Real Madrid meraih kemenangan 2-1 atas Alaves tetapi menuai kontroversi ketika Vinicius Jr ditolak penalti akhir. Saluran TV klub melancarkan kritik keras terhadap keputusan wasit dan VAR, menyebut insiden itu lebih dari kesalahan manusia. Kemenangan itu membantu Madrid tetap dekat dengan pemuncak liga Barcelona.
Real Madrid meraih kemenangan tipis 2-1 melawan Alaves di La Liga, dengan pertandingan itu dibayangi oleh insiden kontroversial akhir yang melibatkan Vinicius Jr. Di menit-menit akhir di Vitoria, winger Brasil itu terjatuh setelah kontak minimal dari bek Alaves Nahuel Tenaglia. Wasit lapangan Victor García Verdura melanjutkan permainan, dan pejabat VAR Pablo Gonzalez Fuertes tidak meminta tinjauan.
Vinicius Jr, yang diganti tak lama kemudian, menyatakan kekecewaannya, mengatakan, “mereka tidak meniup peluit karena itu saya.” Kemenangan Real Madrid sudah diamankan sebelumnya ketika Vinicius mengirim umpan untuk gol penentu Rodrygo di menit ke-76. Pelatih Xabi Alonso menyatakan tidak terkejut dengan keputusan tidak memberi penalti dan tidak ada pemain yang berbicara dengan media sebagai protes.

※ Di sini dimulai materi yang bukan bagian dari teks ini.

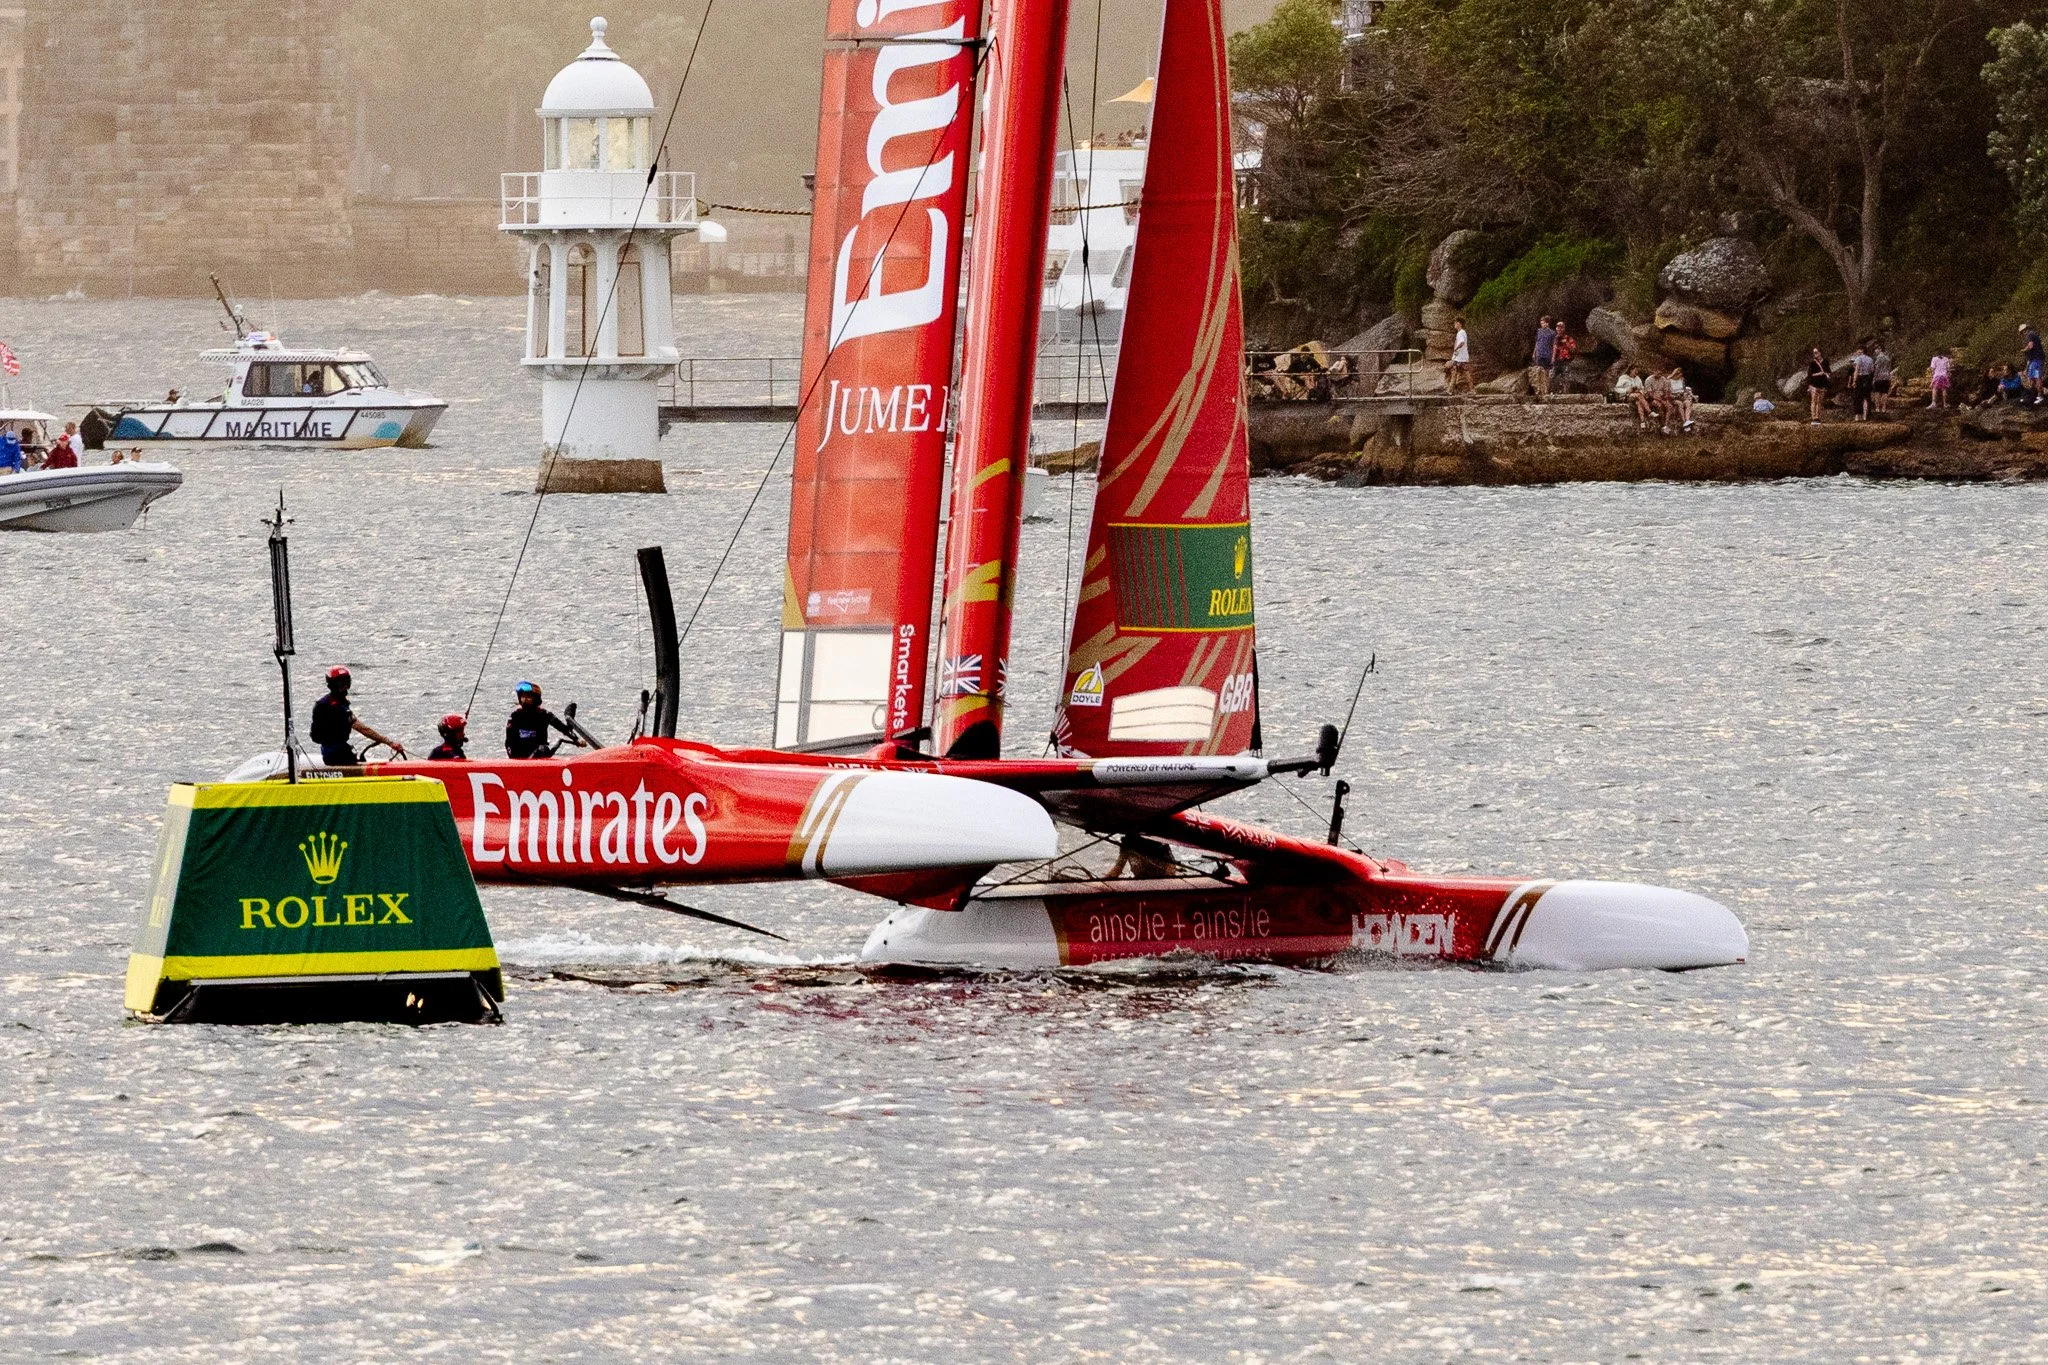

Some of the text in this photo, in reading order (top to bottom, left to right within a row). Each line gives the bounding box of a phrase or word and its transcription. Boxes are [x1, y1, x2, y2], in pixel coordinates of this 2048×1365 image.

Setelah pertandingan, Real Madrid TV meningkatkan kritiknya, menargetkan latar belakang para pejabat dan menghubungkan keputusan itu dengan isu wasit yang lebih luas. Mereka menyoroti asal Katalan García Verdura dan merujuk pada kasus Negreira yang sedang berlangsung melibatkan Barcelona. Saluran itu menuduh presiden komite wasit saat ini Fran Soto meremehkan skandal tersebut, menyatakan, “Ini adalah Liga Negreira yang kotor, Madrid bersaing dengan tangan terikat.”
Mereka lebih lanjut mengklaim, “Ini bukan kesalahan manusia. Ini punya nama lain. Ini keputusan jelas: mereka tidak memberikannya karena García Verdura dan Gonzáles Fuertes tidak mau.” Gonzalez Fuertes memiliki ketegangan sebelumnya dengan Madrid TV, setelah mengkritik kritik wasit mereka sebelum final Copa del Rey musim lalu.
Hasil itu membuat Real Madrid tetap dalam perebutan, menyamai langkah Barcelona setelah kemenangan pemuncak atas Osasuna.